* **Recorded data**
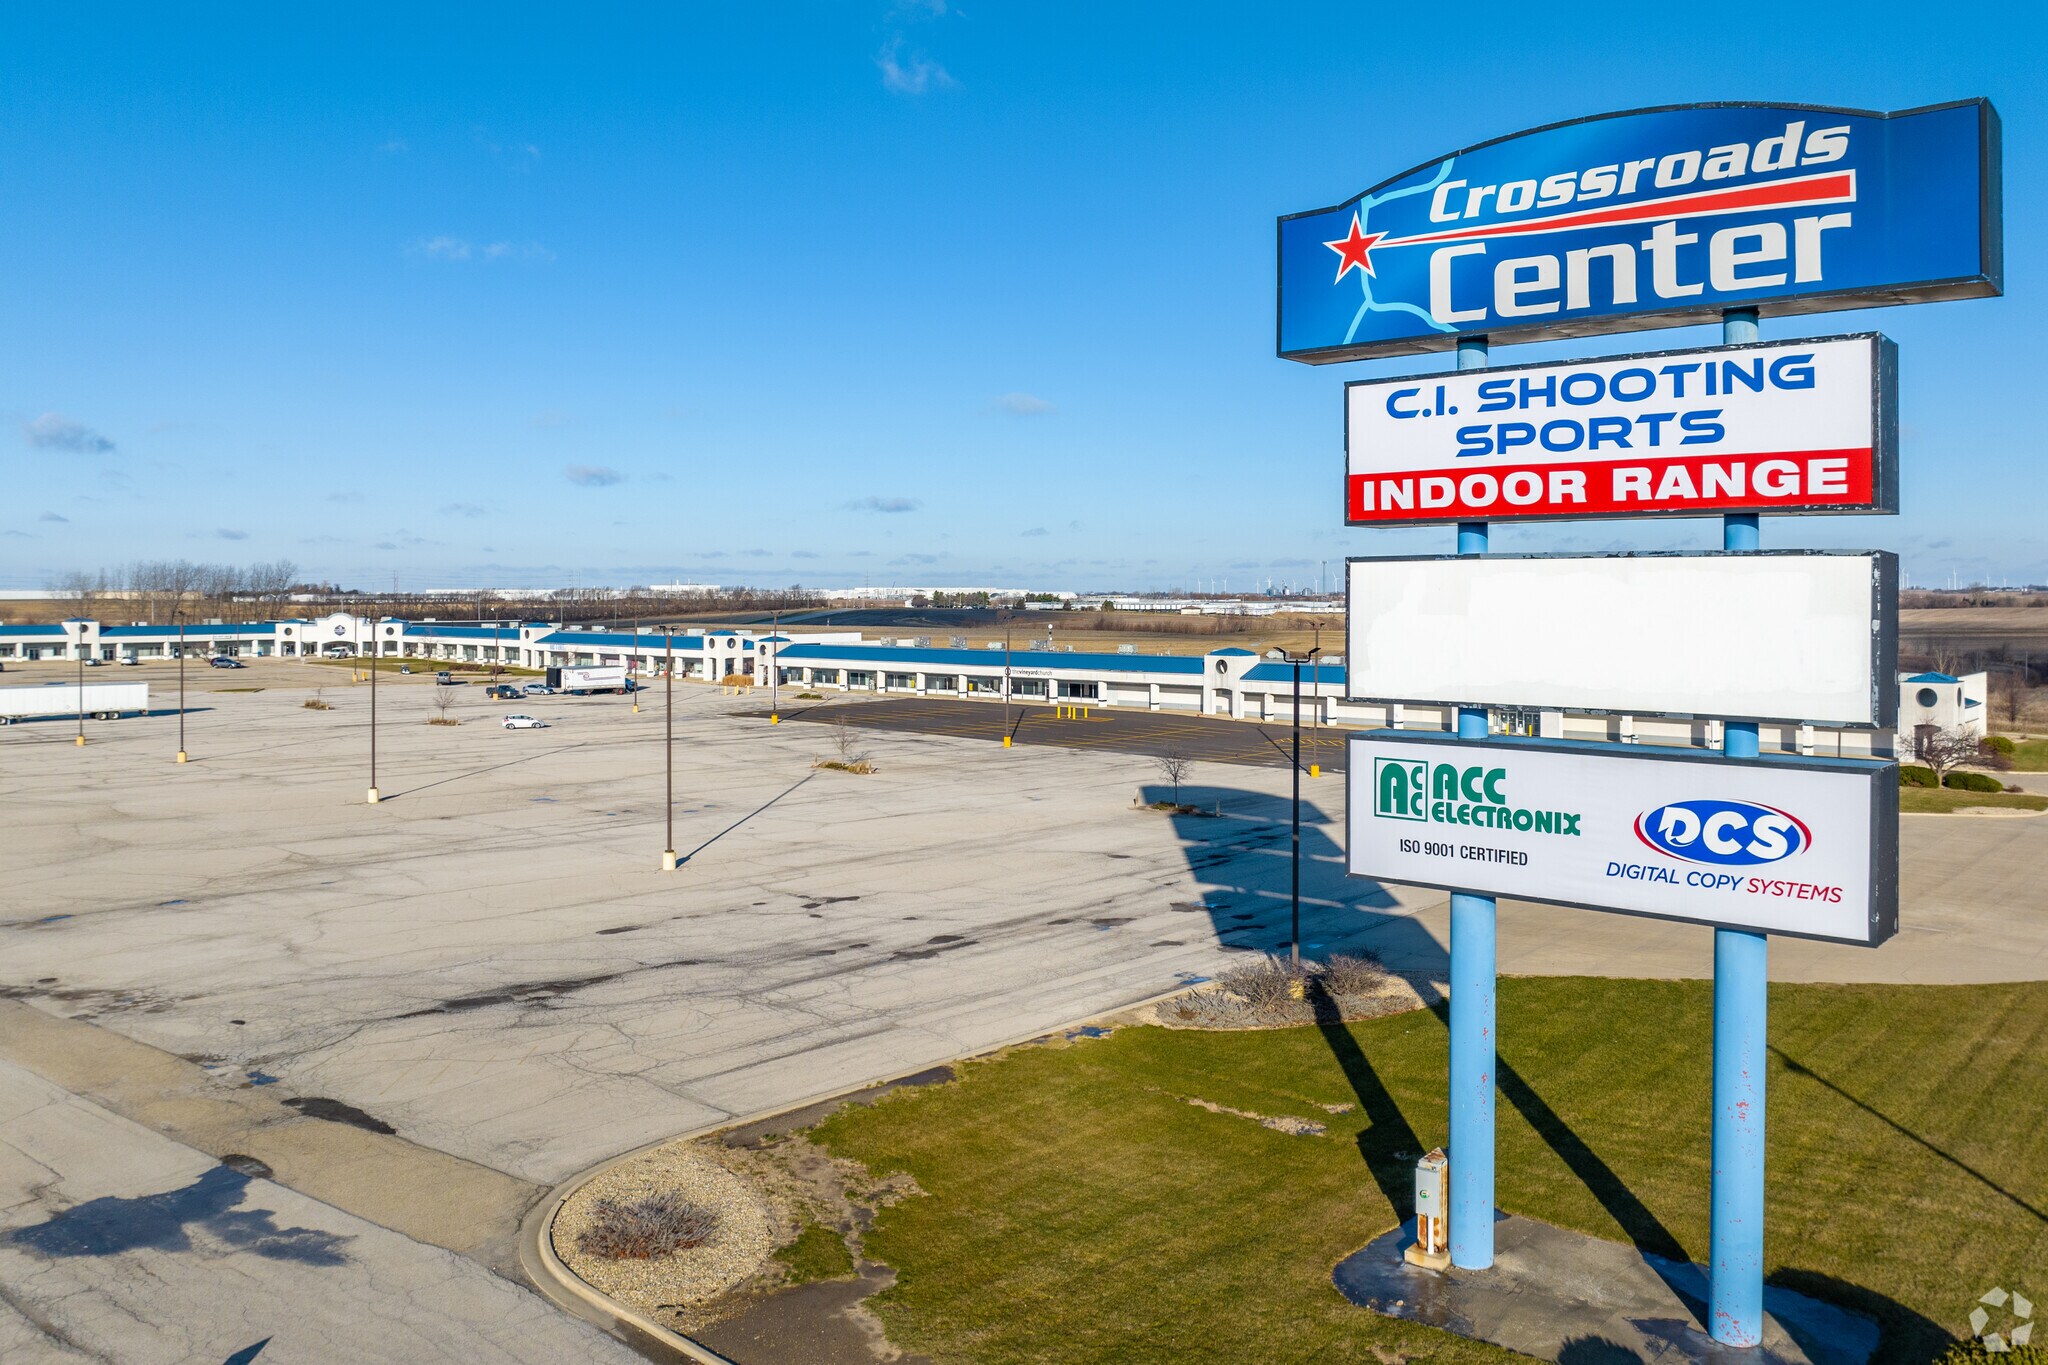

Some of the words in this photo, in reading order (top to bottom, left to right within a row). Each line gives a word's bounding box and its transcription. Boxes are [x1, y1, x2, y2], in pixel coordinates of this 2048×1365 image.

[1429, 121, 1851, 224] Crossroads
[1429, 212, 1852, 323] Center
[1386, 387, 1458, 419] C.I.
[1476, 353, 1816, 412] SHOOTING
[1456, 408, 1726, 458] SPORTS
[1363, 470, 1587, 511] INDOOR
[1612, 458, 1849, 505] RANGE
[1433, 763, 1506, 805] ACC
[1431, 801, 1581, 837] ELECTRONIX
[1657, 806, 1794, 860] DCS
[1400, 838, 1421, 854] ISO
[1424, 842, 1455, 858] 9001
[1460, 845, 1528, 867] CERTIFIED
[1606, 861, 1680, 885] DIGITAL
[1686, 871, 1745, 892] COPY
[1746, 877, 1843, 904] SYSTEMS
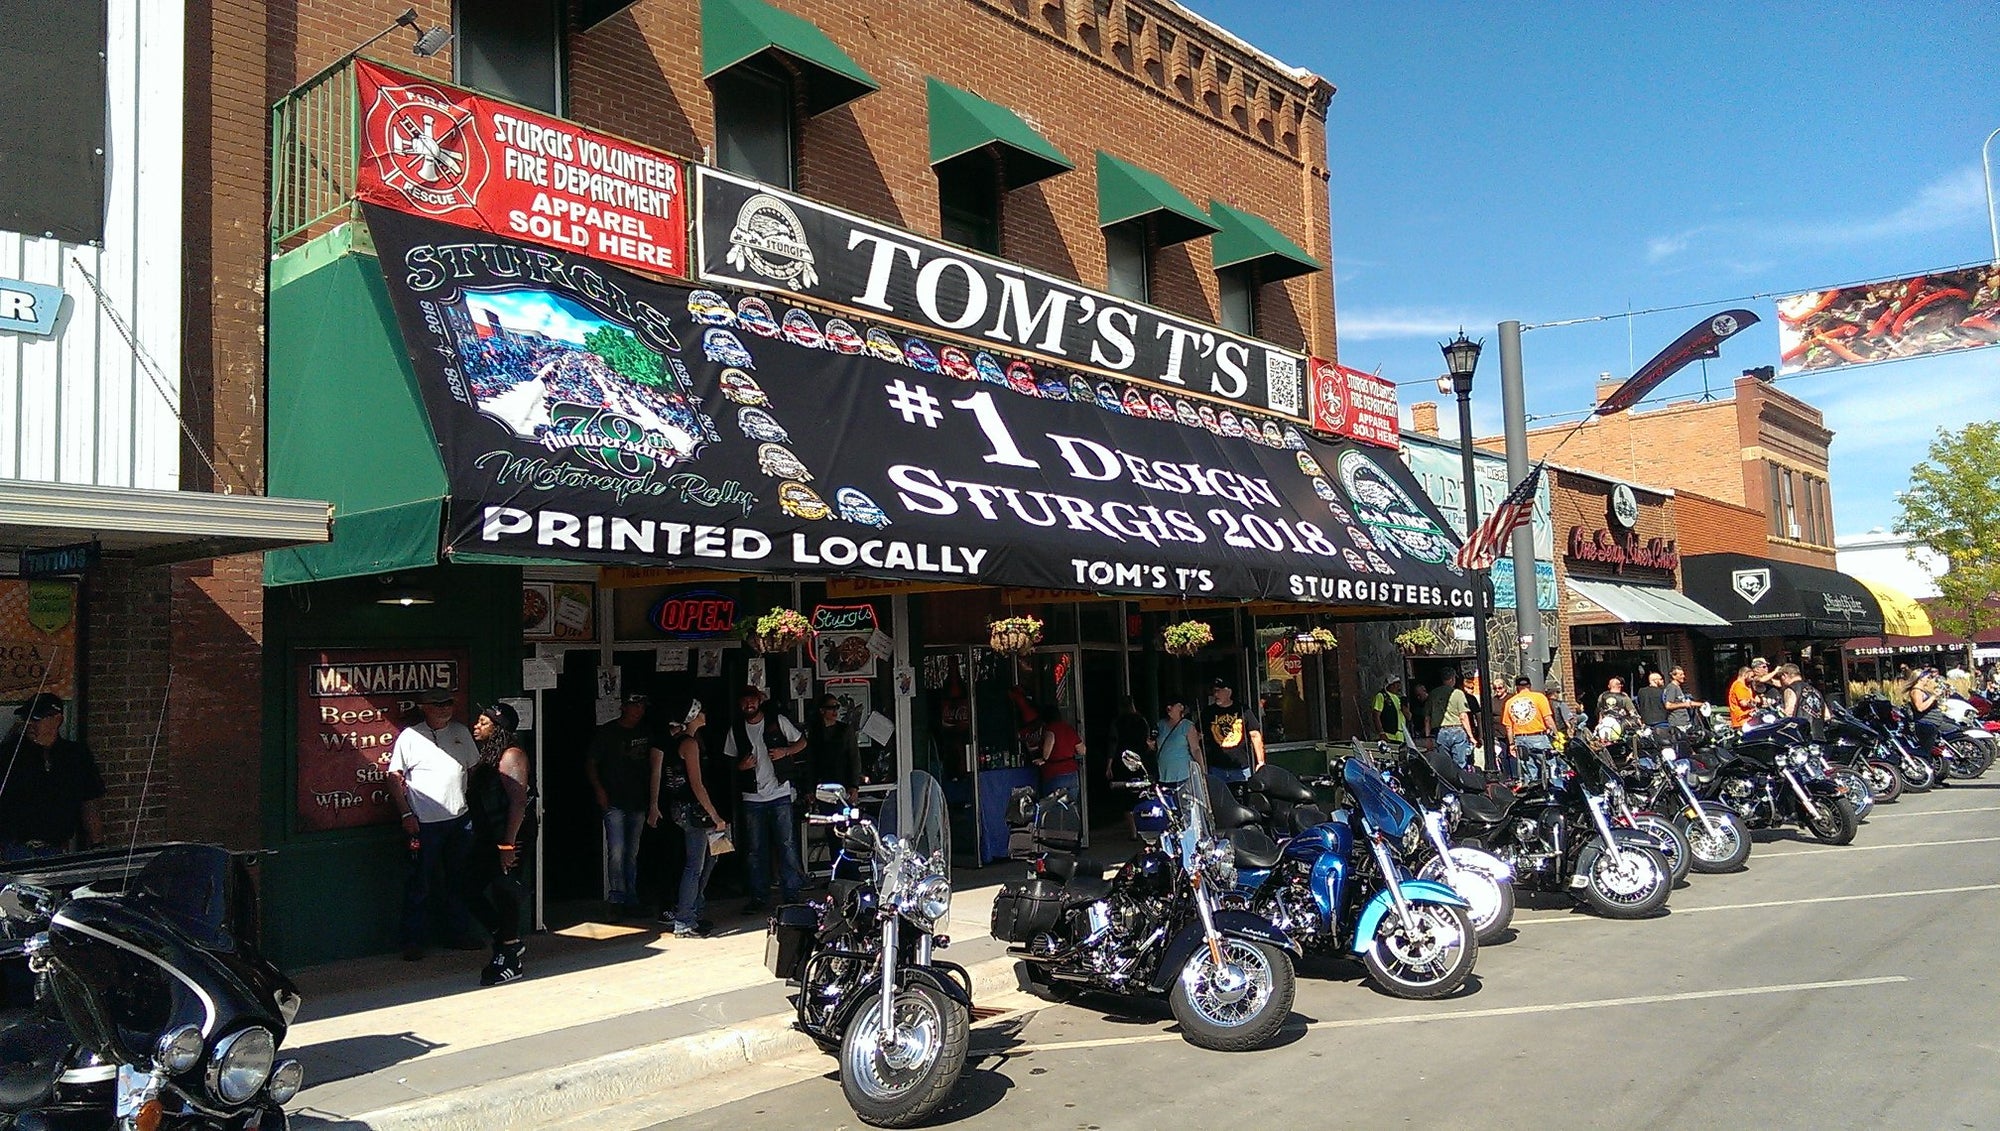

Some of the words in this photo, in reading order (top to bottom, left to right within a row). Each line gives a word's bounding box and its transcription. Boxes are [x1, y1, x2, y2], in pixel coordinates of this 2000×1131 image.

[405, 91, 449, 111] FIRE
[492, 113, 574, 161] STURGIS
[575, 136, 678, 194] VOLUNTEER
[402, 182, 456, 206] RESCUE
[504, 150, 549, 187] FIRE
[553, 163, 671, 220] DEPARTMENT
[531, 192, 653, 241] APPAREL
[509, 210, 590, 248] SOLD
[598, 231, 673, 269] HERE
[765, 239, 806, 258] STURGIS
[404, 242, 682, 352] STURGIS
[847, 227, 1140, 371] TOM'S
[1154, 321, 1250, 400] T'S
[420, 299, 444, 334] 2018
[444, 367, 467, 403] 1938
[670, 357, 694, 388] 1938
[699, 413, 722, 444] 2018
[1346, 373, 1369, 393] STURGIS
[885, 377, 1040, 470] #1
[1358, 413, 1392, 432] APPAREL
[1363, 394, 1398, 418] DEPARTMENT
[539, 430, 677, 468] Anniversary
[1352, 423, 1375, 439] SOLD
[1376, 431, 1398, 445] HERE
[474, 450, 668, 506] Motorcycle
[667, 472, 758, 518] Rally
[1044, 431, 1282, 512] DESIGN
[888, 464, 1208, 548] STURGIS
[1206, 507, 1338, 558] 2018
[482, 506, 772, 560] PRINTED
[792, 533, 988, 576] LOCALLY
[1573, 528, 1597, 560] One
[1597, 529, 1625, 574] Sexy
[1071, 559, 1169, 589] TOM'S
[1175, 567, 1216, 591] T'S
[1289, 574, 1488, 609] STURGISTEES.CO
[661, 600, 734, 631] OPEN
[813, 607, 874, 631] Sturgis
[1854, 646, 1894, 656] STURGIS
[1899, 644, 1931, 653] PHOTO
[1936, 643, 1943, 652] &
[316, 663, 451, 694] MONAHANS
[319, 706, 389, 725] Beer
[320, 731, 394, 750] Wine
[377, 752, 392, 765] &
[310, 787, 363, 817] Wine
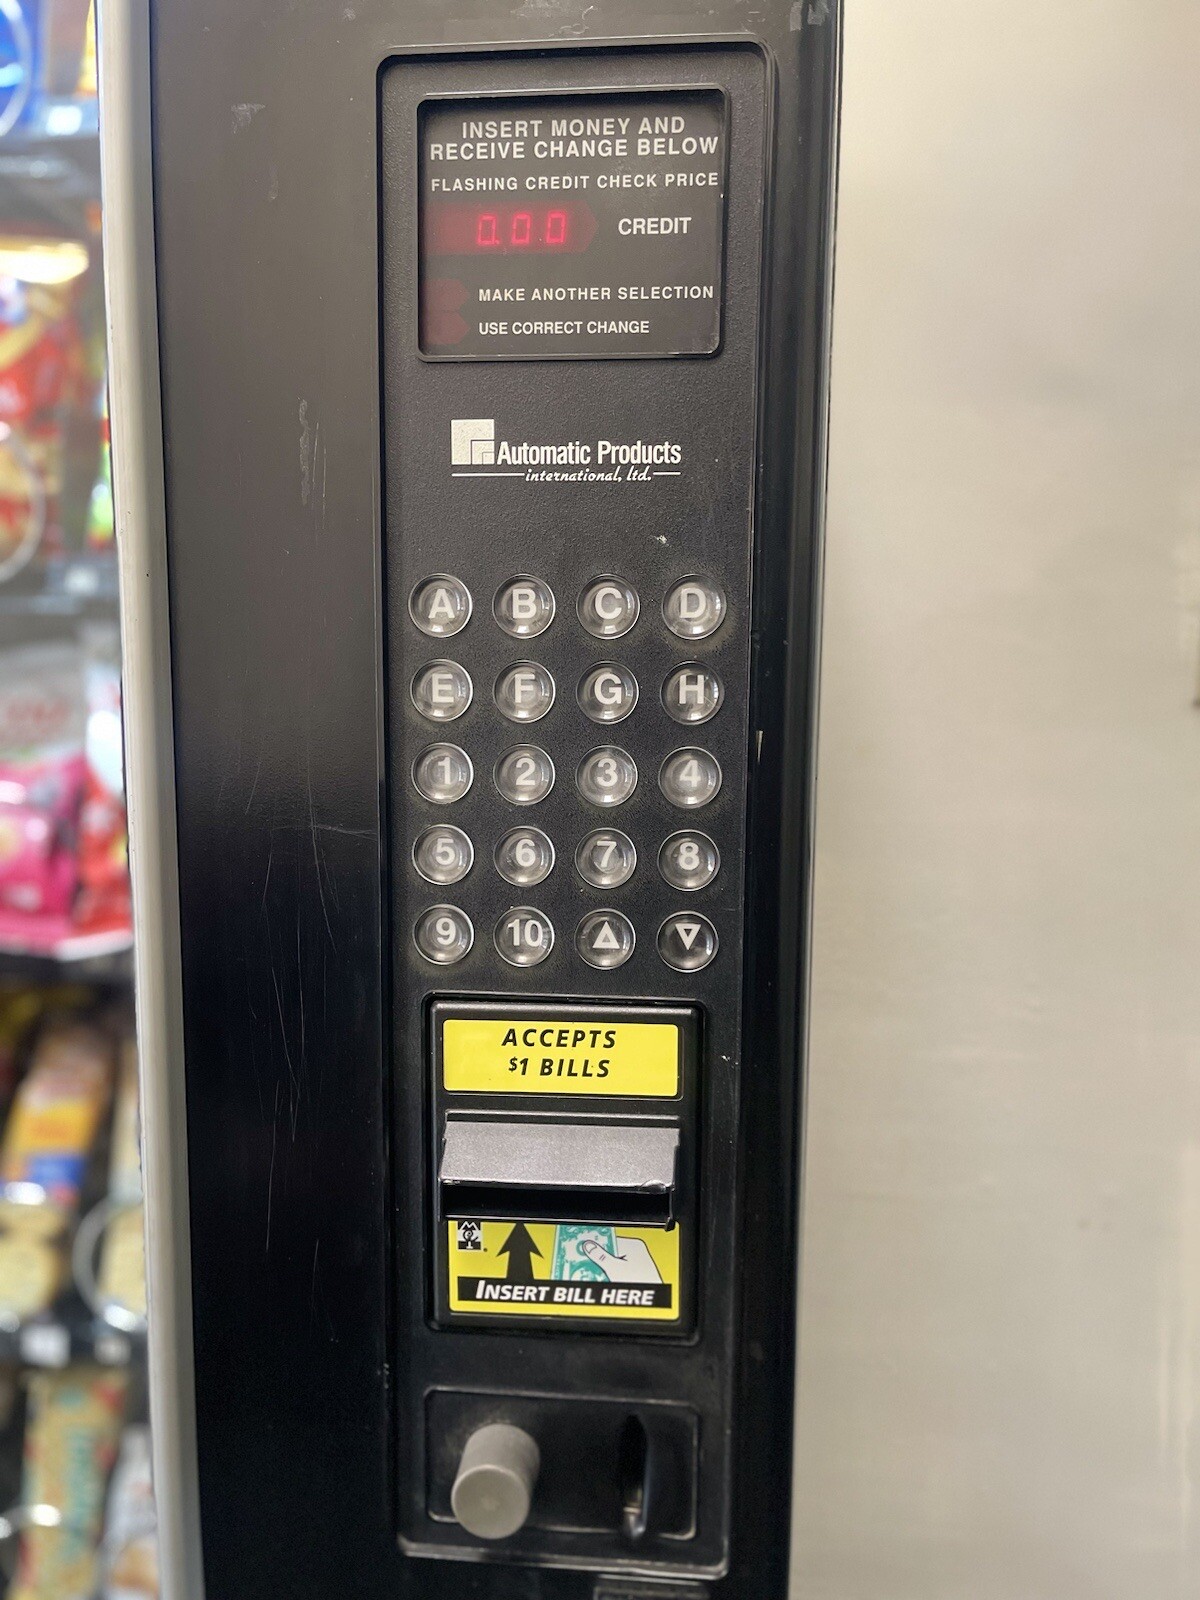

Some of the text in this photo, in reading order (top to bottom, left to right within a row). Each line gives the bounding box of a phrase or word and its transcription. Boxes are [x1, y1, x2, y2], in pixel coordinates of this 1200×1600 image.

* **Exercise instructions**
Please output the listing above in full, exactly as given, without its images.

* **Exercise result**
Some of the words in this photo, in reading order (top to bottom, left to right within a row). Each line gives a word's bounding box and its transcription. Boxes are [x1, y1, x2, y2], in pixel coordinates of this 2048×1365 image.

[1429, 121, 1851, 224] Crossroads
[1429, 212, 1852, 323] Center
[1386, 387, 1458, 419] C.I.
[1476, 353, 1816, 412] SHOOTING
[1456, 408, 1726, 458] SPORTS
[1363, 470, 1587, 511] INDOOR
[1612, 458, 1849, 505] RANGE
[1433, 763, 1506, 805] ACC
[1431, 801, 1581, 837] ELECTRONIX
[1657, 806, 1794, 860] DCS
[1400, 838, 1421, 854] ISO
[1424, 842, 1455, 858] 9001
[1460, 845, 1528, 867] CERTIFIED
[1606, 861, 1680, 885] DIGITAL
[1686, 871, 1745, 892] COPY
[1746, 877, 1843, 904] SYSTEMS

Some of the words in this photo, in reading order (top to bottom, left to right within a row). Each line gives a word's bounding box and its transcription. Boxes are [x1, y1, x2, y2], in pixel coordinates of this 2000×1131 image.

[405, 91, 449, 111] FIRE
[492, 113, 574, 161] STURGIS
[575, 136, 678, 194] VOLUNTEER
[402, 182, 456, 206] RESCUE
[504, 150, 549, 187] FIRE
[553, 163, 671, 220] DEPARTMENT
[531, 192, 653, 241] APPAREL
[509, 210, 590, 248] SOLD
[598, 231, 673, 269] HERE
[765, 239, 806, 258] STURGIS
[404, 242, 682, 352] STURGIS
[847, 227, 1140, 371] TOM'S
[1154, 321, 1250, 400] T'S
[420, 299, 444, 334] 2018
[444, 367, 467, 403] 1938
[670, 357, 694, 388] 1938
[699, 413, 722, 444] 2018
[1346, 373, 1369, 393] STURGIS
[885, 377, 1040, 470] #1
[1358, 413, 1392, 432] APPAREL
[1363, 394, 1398, 418] DEPARTMENT
[539, 430, 677, 468] Anniversary
[1352, 423, 1375, 439] SOLD
[1376, 431, 1398, 445] HERE
[474, 450, 668, 506] Motorcycle
[667, 472, 758, 518] Rally
[1044, 431, 1282, 512] DESIGN
[888, 464, 1208, 548] STURGIS
[1206, 507, 1338, 558] 2018
[482, 506, 772, 560] PRINTED
[792, 533, 988, 576] LOCALLY
[1573, 528, 1597, 560] One
[1597, 529, 1625, 574] Sexy
[1071, 559, 1169, 589] TOM'S
[1175, 567, 1216, 591] T'S
[1289, 574, 1488, 609] STURGISTEES.CO
[661, 600, 734, 631] OPEN
[813, 607, 874, 631] Sturgis
[1854, 646, 1894, 656] STURGIS
[1899, 644, 1931, 653] PHOTO
[1936, 643, 1943, 652] &
[316, 663, 451, 694] MONAHANS
[319, 706, 389, 725] Beer
[320, 731, 394, 750] Wine
[377, 752, 392, 765] &
[310, 787, 363, 817] Wine

Some of the text in this photo, in reading order (top to bottom, left to right within a row). Each line gives the bounding box of a phrase or word and its transcription. Boxes are [x1, y1, x2, y2], in pixel coordinates of this 1200×1600 image.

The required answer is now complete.